Home equity has fallen precipitously within the past year and a half. As a result, banks have been curtailing, or even revoking, credit-often on short notice. Home equity can rise for two main reasons: If a homeowner pays down his mortgage balance, it will automatically generate a corresponding amount of equity. It can also grow-at least on paper-when housing prices go back up.
Home equity loans out of style
During the last bull run of real estate, the average price of a home rose nearly100 percent, and that created an enormous amount of instant equity. Lenders encouraged homeowners to take advantage of their new wealth by accessing it through home equity loans and lines of credit. Millions of consumers responded eagerly, spending money from their equity like it was going out of style.
What they didn't predict was that it actually would go out of style. As soon as prices crashed in the housing market, that's exactly what happened. Home equity loans went the way of platform shoes, hula hoops, vinyl records, bellbottom pants, and-if one dares to say it-prudent household budgetary responsibility. Now, lenders are giving borrowers a harsh reality check by reminding them, in no uncertain terms, that the home equity they used to enjoy no longer exists.

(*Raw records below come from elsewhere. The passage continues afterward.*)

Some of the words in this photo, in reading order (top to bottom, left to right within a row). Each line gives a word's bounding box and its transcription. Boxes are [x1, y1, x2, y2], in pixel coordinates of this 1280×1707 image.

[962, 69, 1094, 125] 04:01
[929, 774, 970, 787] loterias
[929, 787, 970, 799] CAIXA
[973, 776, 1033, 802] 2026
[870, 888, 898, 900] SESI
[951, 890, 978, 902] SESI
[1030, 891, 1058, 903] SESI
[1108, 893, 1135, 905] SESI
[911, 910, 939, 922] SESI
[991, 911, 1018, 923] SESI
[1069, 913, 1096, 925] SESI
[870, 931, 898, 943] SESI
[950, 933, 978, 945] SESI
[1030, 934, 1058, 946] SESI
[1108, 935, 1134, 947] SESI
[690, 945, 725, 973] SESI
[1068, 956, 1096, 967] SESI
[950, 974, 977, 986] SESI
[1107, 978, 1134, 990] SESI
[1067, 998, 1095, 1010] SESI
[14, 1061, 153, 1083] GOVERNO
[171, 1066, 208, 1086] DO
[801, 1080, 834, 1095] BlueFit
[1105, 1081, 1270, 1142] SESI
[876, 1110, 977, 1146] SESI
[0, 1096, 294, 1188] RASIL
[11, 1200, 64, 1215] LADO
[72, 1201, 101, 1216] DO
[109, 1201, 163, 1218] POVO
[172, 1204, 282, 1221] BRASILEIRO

It has evaporated, and so has the willingness of banks to extend credit on HELOCs.
Banks and HELOC loans
It's important to note that the Federal Deposit Insurance Corporation (FDIC) will not allow banks to revoke HELOC access arbitrarily. Instead, the lender must first document that a customer has gotten behind on his payments. In that situation, the bank can take immediate action to limit a borrower's credit.

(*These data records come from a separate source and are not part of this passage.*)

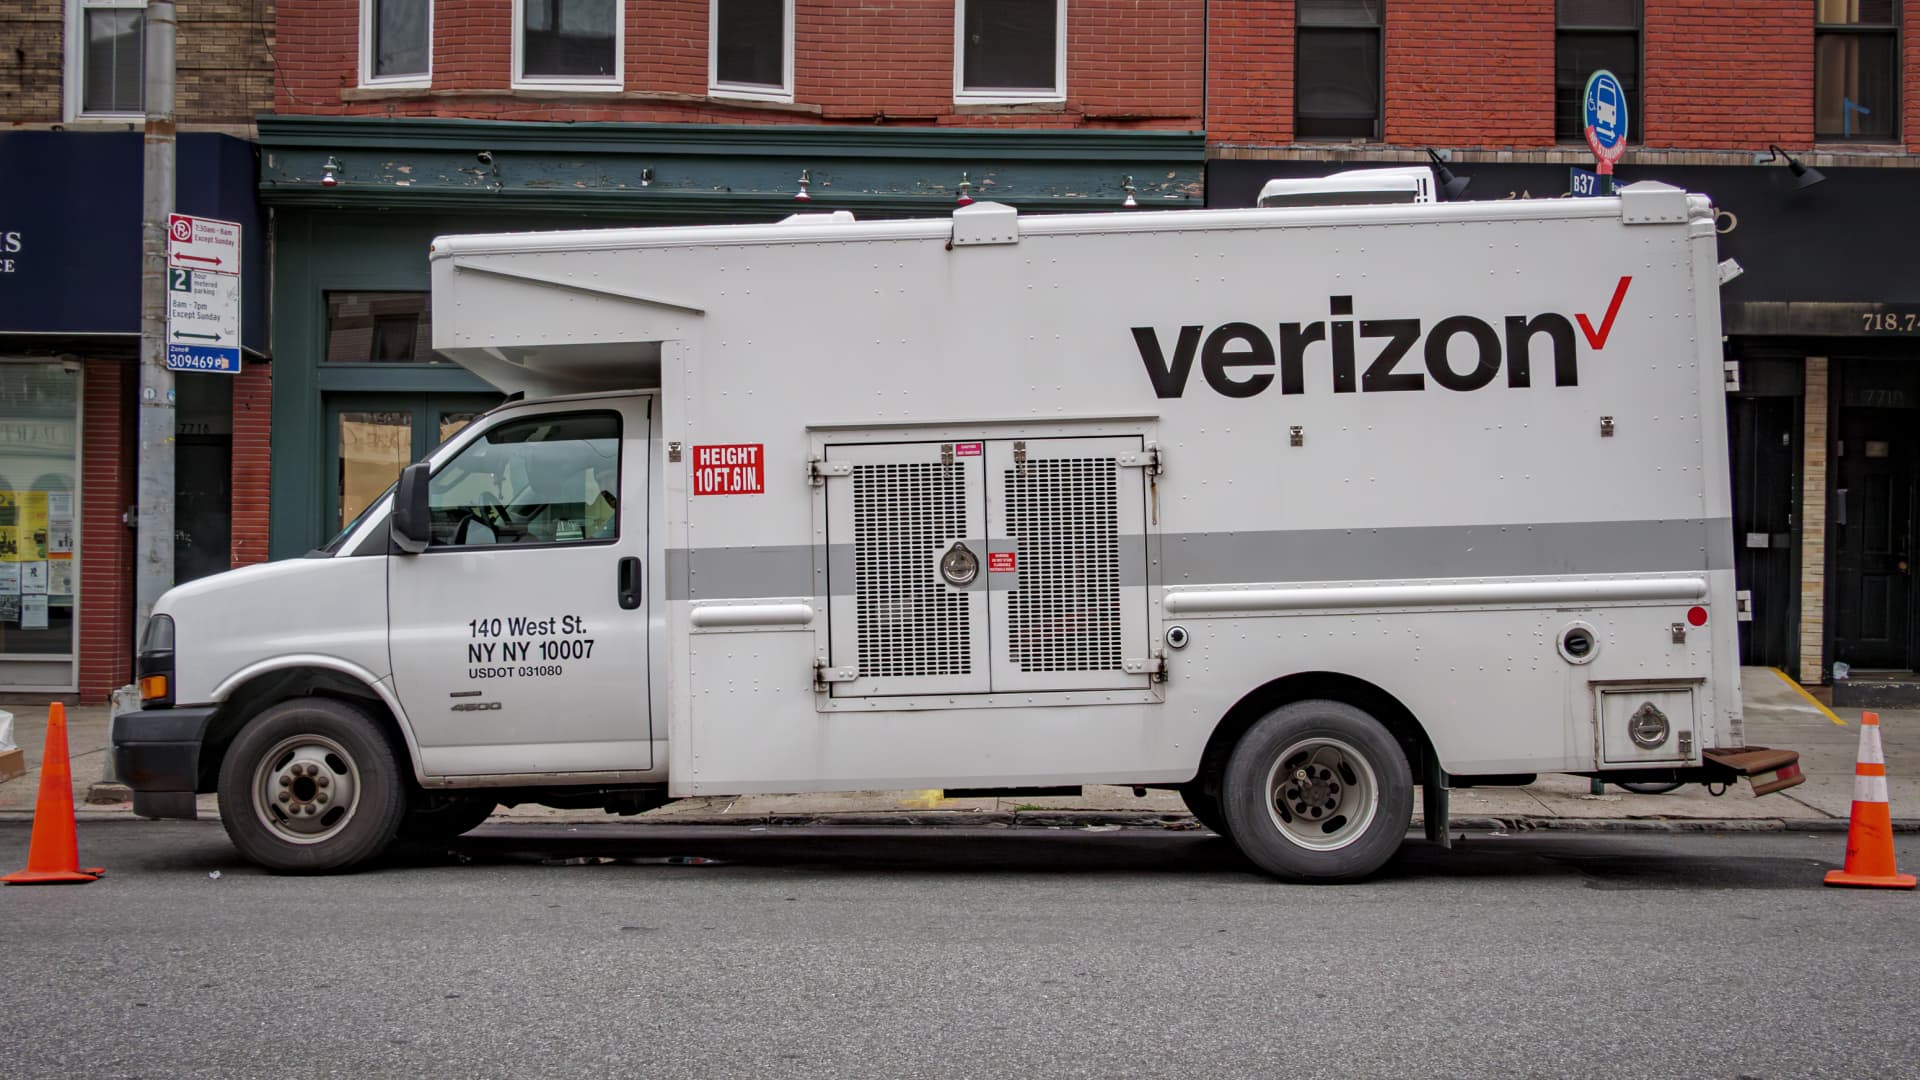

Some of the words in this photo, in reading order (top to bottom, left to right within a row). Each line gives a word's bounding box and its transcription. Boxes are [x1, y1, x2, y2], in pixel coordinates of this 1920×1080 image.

[1574, 174, 1594, 195] B37
[220, 228, 232, 236] 8am
[194, 234, 214, 244] Except
[215, 237, 234, 247] Sunday
[175, 270, 186, 290] 2
[194, 288, 216, 296] parking
[172, 300, 187, 308] 8am
[194, 301, 208, 310] 7pm
[172, 309, 195, 319] Except
[197, 312, 220, 322] Sunday
[1130, 295, 1579, 399] verizon
[170, 354, 214, 368] 309469
[700, 448, 757, 465] HEIGHT
[469, 618, 501, 638] 140
[508, 617, 556, 636] West
[562, 615, 587, 634] St.
[468, 643, 496, 663] NY
[503, 642, 530, 661] NY
[539, 640, 594, 660] 10007
[469, 667, 514, 678] USDOT
[518, 666, 562, 677] 031080
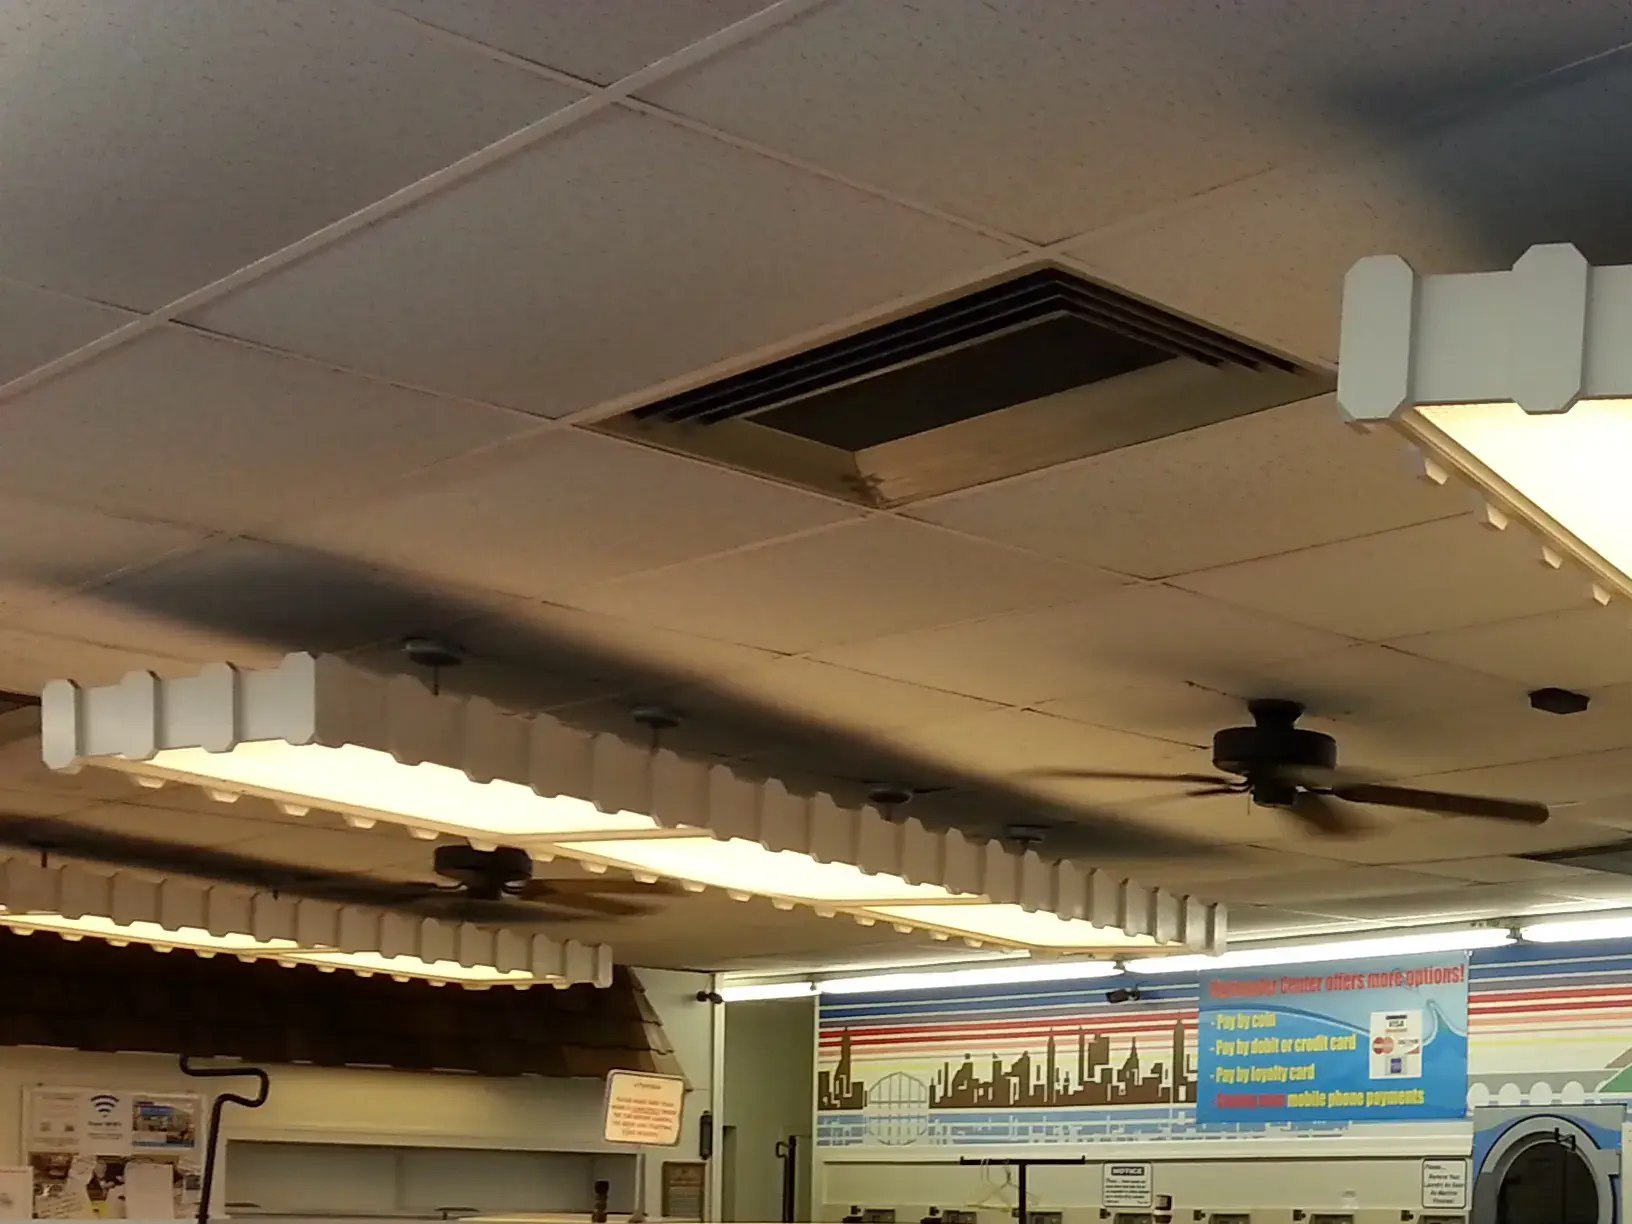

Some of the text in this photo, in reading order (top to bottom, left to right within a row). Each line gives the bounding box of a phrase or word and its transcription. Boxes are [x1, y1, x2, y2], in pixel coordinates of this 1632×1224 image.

[1326, 973, 1365, 991] offers
[1368, 971, 1402, 989] more
[1406, 964, 1465, 987] options!
[1216, 1013, 1236, 1031] Pay
[1237, 1012, 1250, 1030] by
[1216, 1039, 1235, 1057] Pay
[1236, 1038, 1250, 1056] by
[1294, 1034, 1328, 1053] credit
[1330, 1034, 1357, 1051] card
[1216, 1063, 1315, 1084] Pay by loyalty card
[1287, 1090, 1326, 1108] mobile
[1328, 1089, 1364, 1108] phone
[1366, 1088, 1425, 1108] payments

If you stay current on your payments, the lender must show that there has been a significant decline in underlying property value. But that's pretty easy to demonstrate these days, because home prices across the country are falling through the floor.
Consumers do have the opportunity to protest decisions based on appraised value. But it's usually hard to prove your case, especially in this foreclosure-prone environment where nobody knows how far prices are going to drop before they hit bottom. Another reason that it's hard to win these arguments is that banks can legally rely on computer software programs to calculate their valuations, and the data in those programs-which is often outdated-can be interpreted rather loosely.
One proactive step that a homeowner can take is to ask that fees associated with the line of credit be refunded. Banks will often agree to give back HELOC application fees as a sign of goodwill. It may not be much consolation, but these days, every penny helps.